══ EXERCISE MATERIALS

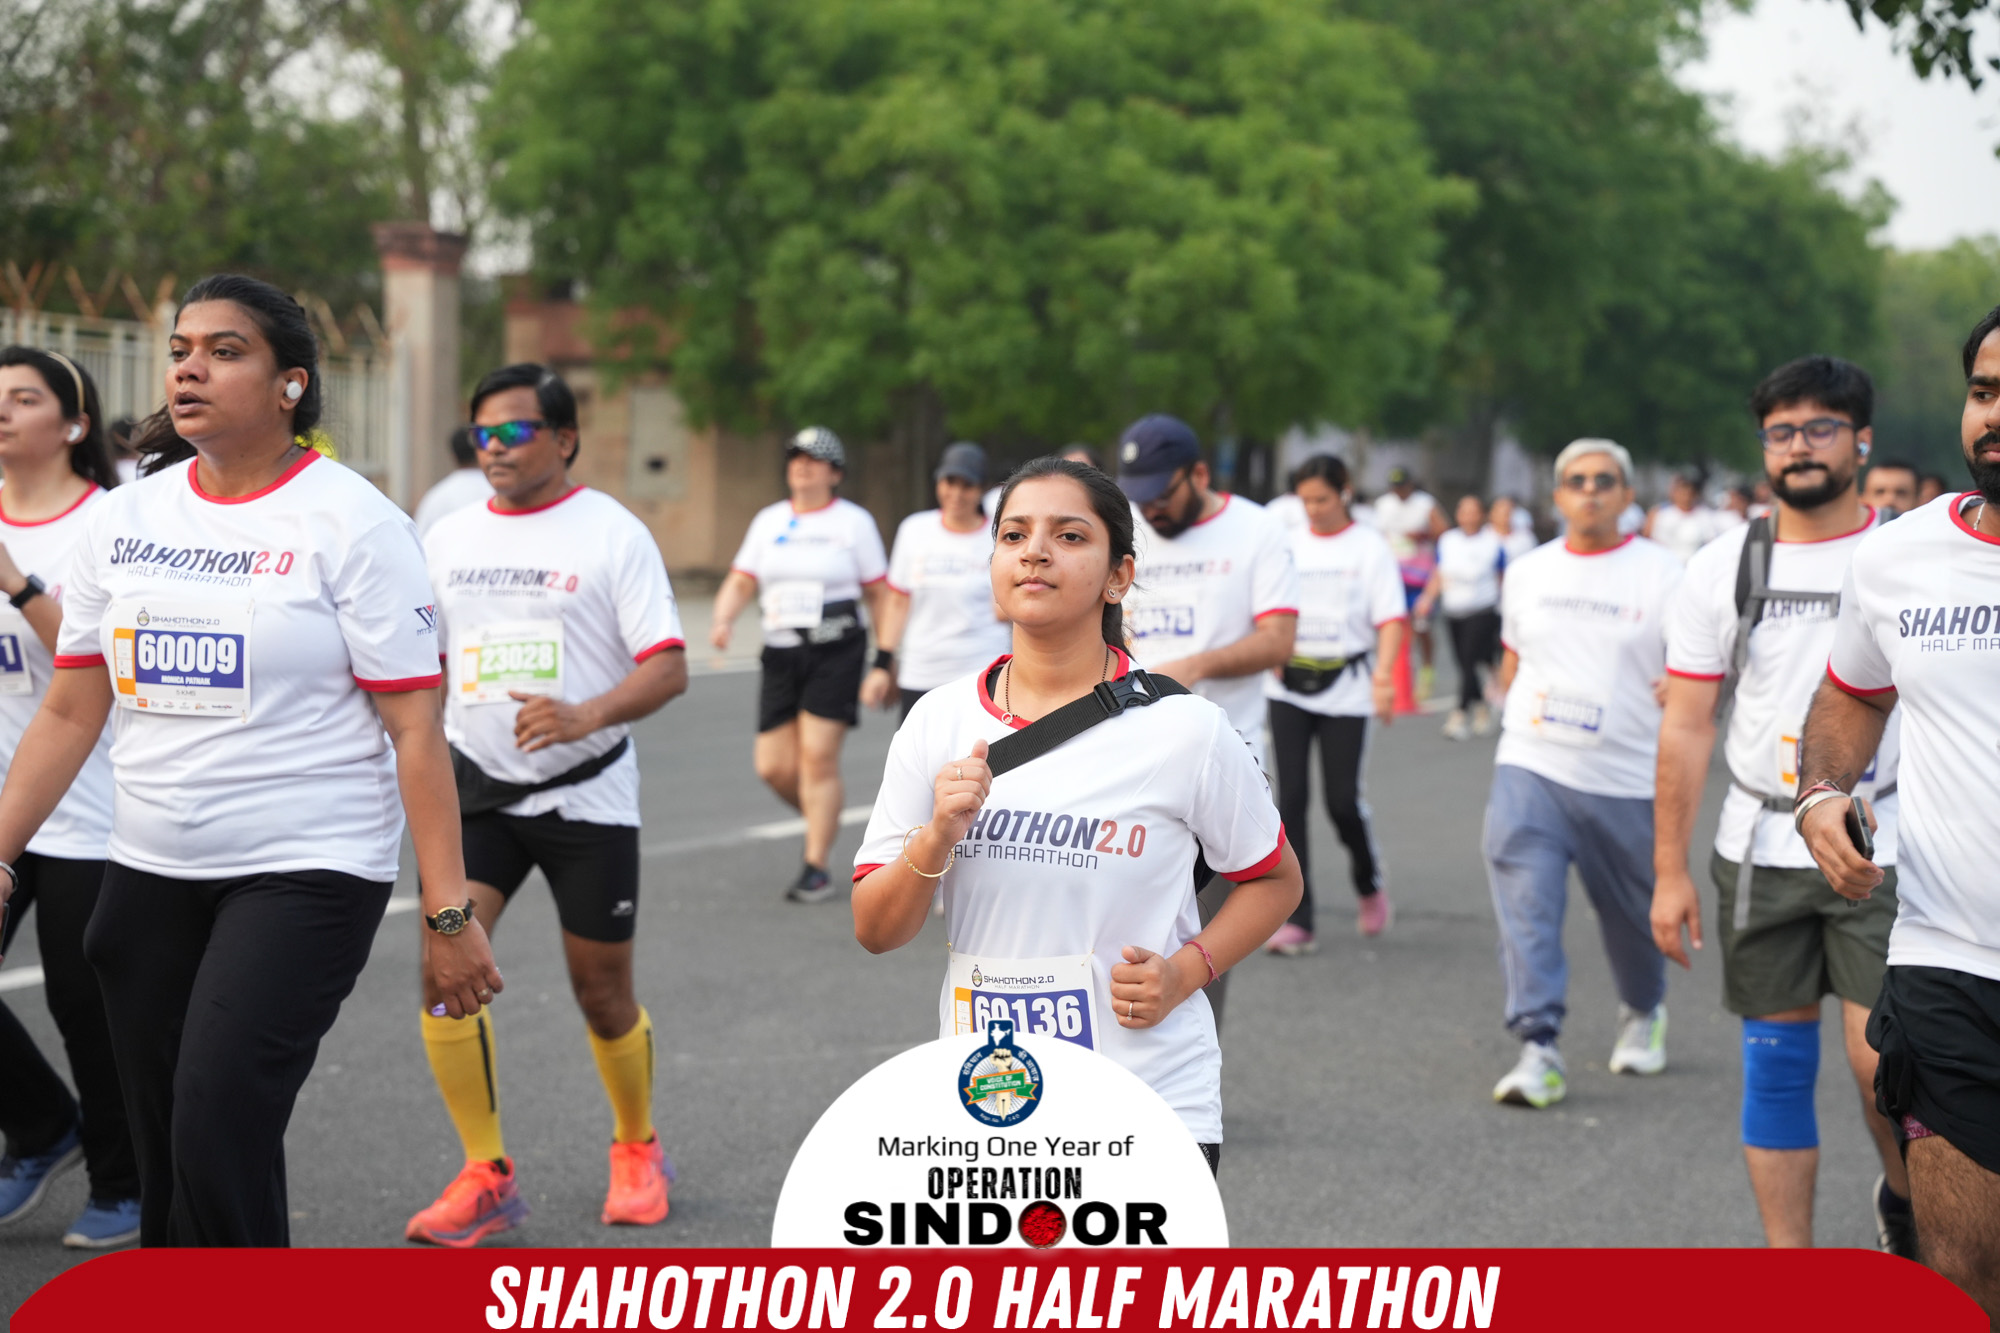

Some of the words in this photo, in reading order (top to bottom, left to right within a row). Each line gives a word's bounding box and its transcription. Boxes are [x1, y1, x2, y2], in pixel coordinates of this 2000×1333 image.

[127, 565, 161, 579] HALF
[164, 569, 252, 587] MARATHON
[138, 633, 237, 674] 60009
[480, 643, 554, 673] 23028
[1921, 638, 1967, 652] HALF
[961, 808, 1146, 858] HOTHON2.0
[948, 844, 983, 858] ALF
[988, 844, 1098, 870] MARATHON
[984, 975, 1036, 985] SHAHOTHON
[1038, 975, 1055, 984] 2.0

════

▶ [ACTIVITY]: Reproduce the data above without a single change, please, but without its pictures.

▶ [WRITTEN ANSWER]:
Some of the words in this photo, in reading order (top to bottom, left to right within a row). Each line gives a word's bounding box and its transcription. Boxes are [x1, y1, x2, y2], in pixel coordinates of this 2000×1333 image.

[127, 565, 161, 579] HALF
[164, 569, 252, 587] MARATHON
[138, 633, 237, 674] 60009
[480, 643, 554, 673] 23028
[1921, 638, 1967, 652] HALF
[961, 808, 1146, 858] HOTHON2.0
[948, 844, 983, 858] ALF
[988, 844, 1098, 870] MARATHON
[984, 975, 1036, 985] SHAHOTHON
[1038, 975, 1055, 984] 2.0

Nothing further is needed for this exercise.